I thought I could draw a thread between films that were a commentary, in one way or another, on the ways art and life reflect each other. There were several documentaries or film essays about film personalities – Delphine Seyrig, the German actress Marianne Hoppe, Fassbinder and Raul Ruiz. WerAngstWolf was one example of life and art interwoven within a fiction. And Stefan Schwieter’s film El Acordeon del Diablo (The Devil’s Accordion) (2000) was about the Colombian accordion player Pacho Rada, who was memorably fictionalised as Francisco El Hombre in Gabriel Garcia Marquez’s One Hundred Years of Solitude. Of course, you can find plenty of films about other films around the traps; half of Hollywood’s product is stitched together from remnants. These films are doing something different from that kind of reconstruction. They are part of a cultural conversation between the past and present, fact and fiction that you, as an audience member, can join. Come out and your head is buzzing.

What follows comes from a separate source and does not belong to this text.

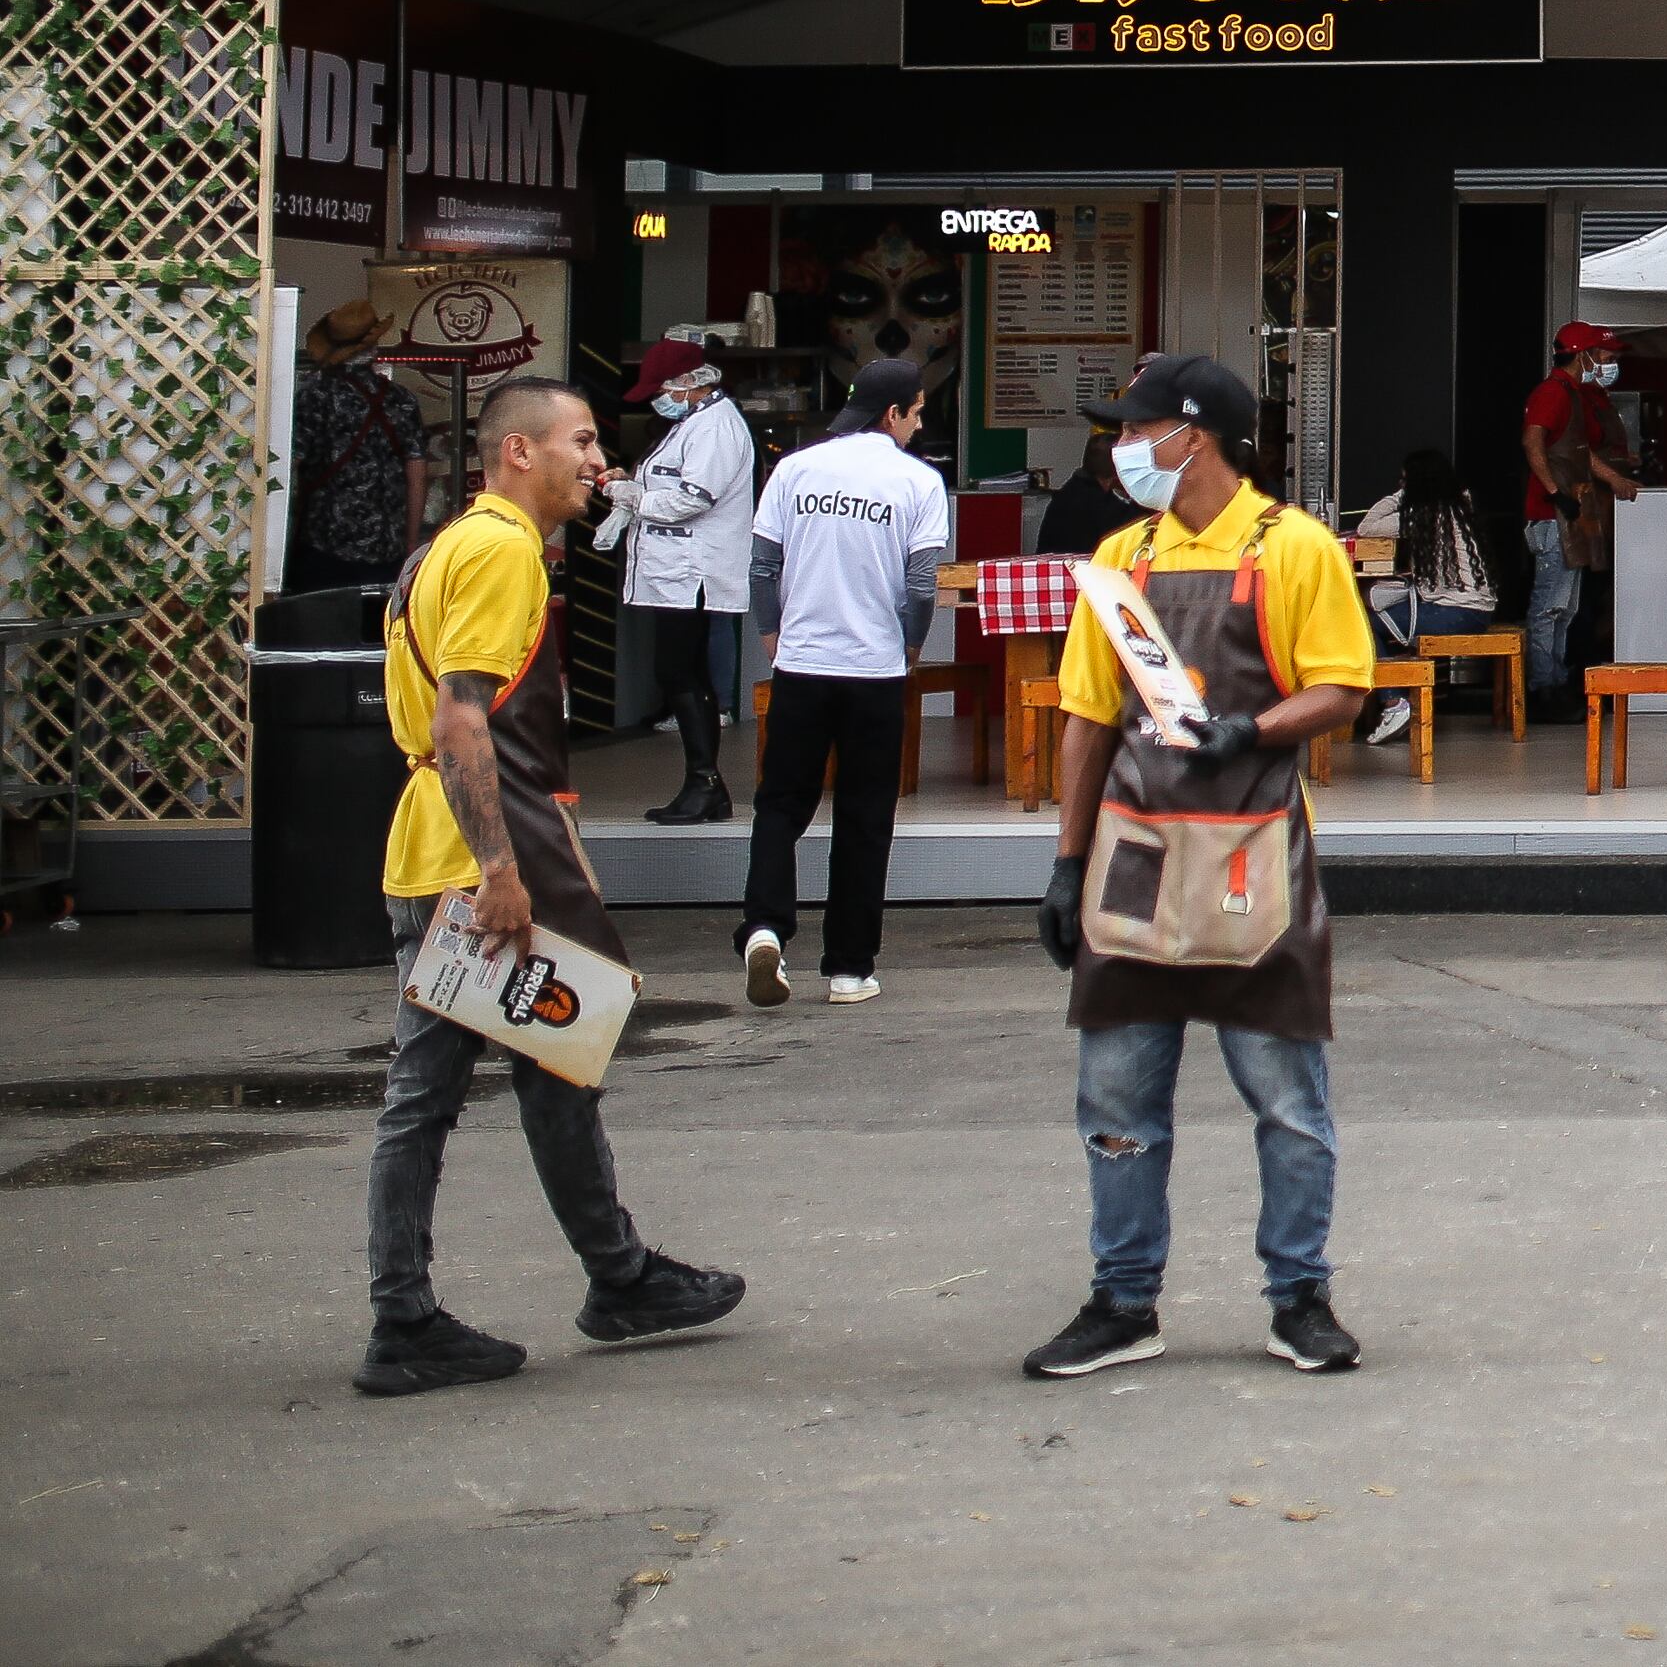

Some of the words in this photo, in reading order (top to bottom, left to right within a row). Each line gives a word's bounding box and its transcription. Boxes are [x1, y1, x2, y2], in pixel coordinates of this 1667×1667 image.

And, against all modern wisdom, they get plenty of bums on seats. Locarno may be a small town, but the Festival audience is literate, curious and enthusiastic. Admittedly, most of Switzerland is here. Who wouldn’t be? Not that everyone is satisfied. Locarno, like any festival, is strapped for cash; accordingly, the organisation has been revamped over the last year under a new president, Giuseppe Buffi, who sadly died in July. “Without him”, wrote Muller, “everything will be more difficult”. Perhaps, some say, the Festival is too much of a lonely goatherd, out there in the Alpine foothills. With a bigger profile, it could attract more funding. But profile, ultimately, means the whole squirming grab-bag of American movies, stars and their attendant celebrity press; I was invited, I was told, because if the studios realised the international press corps was waiting for them in Locarno, they would come. Well, that’s not my field of dreams. In as much as they have already succeeded – by bringing Bryan Singer to introduce The X-Men (2000) as the opening night splash, by securing Hollow Man (2000) and the truly international Dutch director, Paul Verhoeven, as the festival’s most celebrated guest, by showing John Singleton’s flashy, funny new Shaft (2000) with smooth ol’ Sam Jackson in the title role – they made the festival fun. A bit of Hollywood is wonderful, especially when it’s made with the brilliant cinematic craft of a Verhoeven or a Singleton.

What would be awful, really awful, would be seeing Harvey Weinstein using Locarno as a testing ground for all Miramax’s next season of artbusters. Or a succession of Europudding films, probably all starring Gerard Depardieu in a frock coat and so blandly milked of character they seem to have been pieced together by some EC sub-committee. Films that you would see anyway. Films with modestly starry casts who can be flown in for a few solid days of back-to-back interviews, thus ensuring some sort of media coverage down the track. Fortunately, the festival’s timing works against this and, by extension, in favour of Marco Muller’s quirky, serious programming.

The Venice Film Festival, which runs from 30th August to 9th September, now rivals Cannes as a launching pad for big-budget product. The San Sebastian Festival in Spain, two weeks later, is another A-list festival, but smaller, friendlier and less commercial than Venice: an excellent showcase for independent film. With these two titans waiting a few weeks down the season, Locarno will never attract a battery of big guns. Thank goodness. That cobbled piazza with its little alleys winding away up the hill behind it, its cable car up to the cool peaks just behind with their myriad hiking trails through woods and mountain pastures, the lakeside lido full of splashing Swiss families, the open-air restaurants and locandas that swing lazily into action each balmy evening and, above all, movies as brain food: this is Locarno. Add a flurry of squawking sales agents and it wouldn’t be Locarno any more.

About The Author

Stephanie Bunbury is an Australian journalist living in London where she writes regularly on culture for the Melbourne Age.